Tumors of the breast - benign and malignant

The majority of tumors in the breast are found to be benign on examination. These may be connective tissue tumors, fluid-filled cysts and similar changes, more in the text "Benign breast changes". Malignant tumors almost always emanate from the glandular portion of the breast. "Lobular" carcinomas arise in the glandular lobes, often in several places in the chest at the same time or even in both breasts. "Ductal" carcinomas develop in the milk ducts, they start from their innermost cell layer (epithelium). So-called invasive tumors are accumulations of cancer cells that have exceeded the tissue boundaries during their growth and have grown from the glandular tissue or milk ducts into adjacent tissue. If they are not treated, there is a high risk that they will continue to grow and that metastases may occur. In-situ carcinomas are tumors that are still limited to the milk ducts (ductal carcinoma in situ, DCIS). They were long considered a breast cancer precursor or early form. Today we know that some of these tumors do not seem to develop. This would actually be unnecessary to treat affected women. However, there is a low risk of developing invasive breast cancer, and it may even, but rarely, happen that a woman has metastases without the DCIS continuing to grow in the breast itself.

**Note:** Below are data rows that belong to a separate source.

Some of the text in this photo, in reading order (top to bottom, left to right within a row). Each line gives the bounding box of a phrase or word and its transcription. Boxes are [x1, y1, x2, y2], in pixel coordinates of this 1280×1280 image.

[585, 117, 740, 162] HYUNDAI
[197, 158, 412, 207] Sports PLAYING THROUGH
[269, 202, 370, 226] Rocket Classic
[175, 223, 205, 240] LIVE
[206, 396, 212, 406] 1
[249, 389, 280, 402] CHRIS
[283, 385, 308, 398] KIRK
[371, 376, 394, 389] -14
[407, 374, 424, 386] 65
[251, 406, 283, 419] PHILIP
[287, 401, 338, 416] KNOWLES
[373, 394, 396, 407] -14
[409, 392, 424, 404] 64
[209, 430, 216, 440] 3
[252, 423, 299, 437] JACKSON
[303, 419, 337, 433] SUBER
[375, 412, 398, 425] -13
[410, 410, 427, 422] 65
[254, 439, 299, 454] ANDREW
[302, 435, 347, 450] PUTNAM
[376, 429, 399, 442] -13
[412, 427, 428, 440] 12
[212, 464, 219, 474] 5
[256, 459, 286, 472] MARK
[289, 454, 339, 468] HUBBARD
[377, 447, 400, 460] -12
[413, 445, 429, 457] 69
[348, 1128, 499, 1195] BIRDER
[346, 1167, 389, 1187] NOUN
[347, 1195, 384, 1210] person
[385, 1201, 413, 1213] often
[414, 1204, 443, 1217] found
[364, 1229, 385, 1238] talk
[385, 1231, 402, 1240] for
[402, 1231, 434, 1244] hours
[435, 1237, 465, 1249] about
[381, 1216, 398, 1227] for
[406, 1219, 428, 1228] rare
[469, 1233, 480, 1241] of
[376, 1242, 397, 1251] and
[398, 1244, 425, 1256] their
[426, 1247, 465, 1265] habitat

So far there is no way to know which DCIS will remain harmless and which not. Therefore, women with ductal in-situ carcinoma will also be treated today. The rather rare tumors, which develop from skin cells or the connective tissue of the breast, are in the narrower sense not among the breast cancer treated in this text: These may be one of the various types of skin cancer, or a connective tissue tumor called a sarcoma.

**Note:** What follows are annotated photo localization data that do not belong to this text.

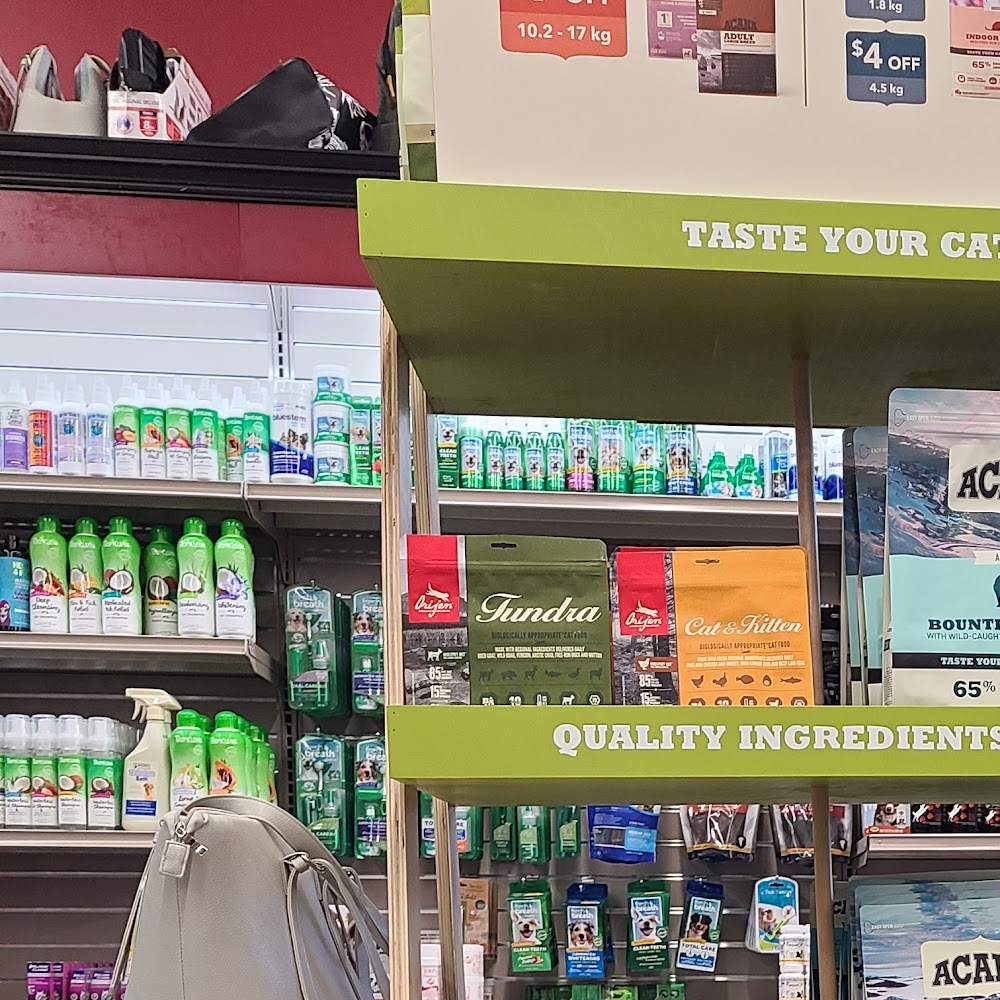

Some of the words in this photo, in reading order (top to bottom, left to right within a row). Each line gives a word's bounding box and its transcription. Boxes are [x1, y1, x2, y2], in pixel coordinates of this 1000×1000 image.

[869, 0, 884, 9] 1.8
[886, 0, 902, 13] kg
[517, 22, 553, 39] 10.2
[567, 25, 586, 40] 17
[591, 25, 612, 46] kg
[723, 33, 755, 41] ADULT
[851, 38, 882, 69] $4
[888, 56, 920, 71] OFF
[869, 83, 886, 93] 4.5
[889, 84, 903, 96] kg
[682, 221, 807, 252] TASTE
[819, 226, 929, 256] YOUR
[414, 595, 453, 614] Orijen
[475, 592, 601, 624] Tundra
[625, 611, 663, 632] Orijen
[685, 616, 724, 636] Cat
[725, 623, 736, 636] &
[736, 614, 803, 635] Kitten
[926, 632, 946, 640] WITH
[941, 657, 973, 666] TASTE
[953, 680, 996, 698] 65%
[552, 723, 727, 757] QUALITY
[681, 942, 699, 951] TOTAL

Mammary glands consist of three types of tissues – adipose, connective and glandular. Cancer of mammary glands is a malignant tumor that develops in glandular tissues. Despite the common misbelief, cancer of mammary glands develops in both women and men, but women tend to suffer from it more often.

How does cancer of mammary glands occur?

Breast cancer develops the same way as any other malignant tumor in body. One or several cells of glandular tissues start multiplying abnormally because of some mutations that took place. A tumor forms, and starts growing into adjacent tissues and creating metastases (secondary tumor nidus).

Most often, tumors of mammary glands develop from the cells of mamillary ducts – in this case, doctors diagnose duct carcinoma of mammary glands. Pretty often, malignant tumors grow from cells of lobules of mammary glands, and this type of cancer is called “invasive lobular carcinoma”. It should be noted that the tumor can start growing from other cells of glandular tissues.

Causes and risk factors

Unfortunately, scientists have no certain information about the causes of mammary gland cancer. However, there’s a list of risk factors that contribute to development of tumors, though all of these factors can be absent in a diseased person. Sometimes there’s the whole range of these factors, but a person still stays healthy. Anyway, doctors connect the risk of breast cancer development with some certain circumstances that precede the disease. Such factors include:

  • old age;
  • use of hormonal medications;
  • traumas of mammary glands;
  • medical history of breast cancer;
  • diagnosed breast cancer in some close relatives;
  • exposure to radiation, for instance, during ray therapy that’s performed to treat another form of cancer;
  • being overweight;
  • early start of menstruation and late menopause;
  • absence of children or late childbirth (first birth after 35 years);
  • smoking and alcohol abuse;
  • diabetes;
  • work with night shifts.

Scientists have proved that the most widespread genetic causes of mammary gland cancer are mutations of BRCA1 and BRCA2 genes. Women with BRCA1 mutation have a 55-65% risk of developing breast cancer, and women with mutation in gene BRCA2 — 45% risk.

Symptoms of cancer of mammary glands

Pretty often, breast cancer exhibits no symptoms at early stages of disease. However, sometimes there are some signs telling about this disease, and you can easily notice them.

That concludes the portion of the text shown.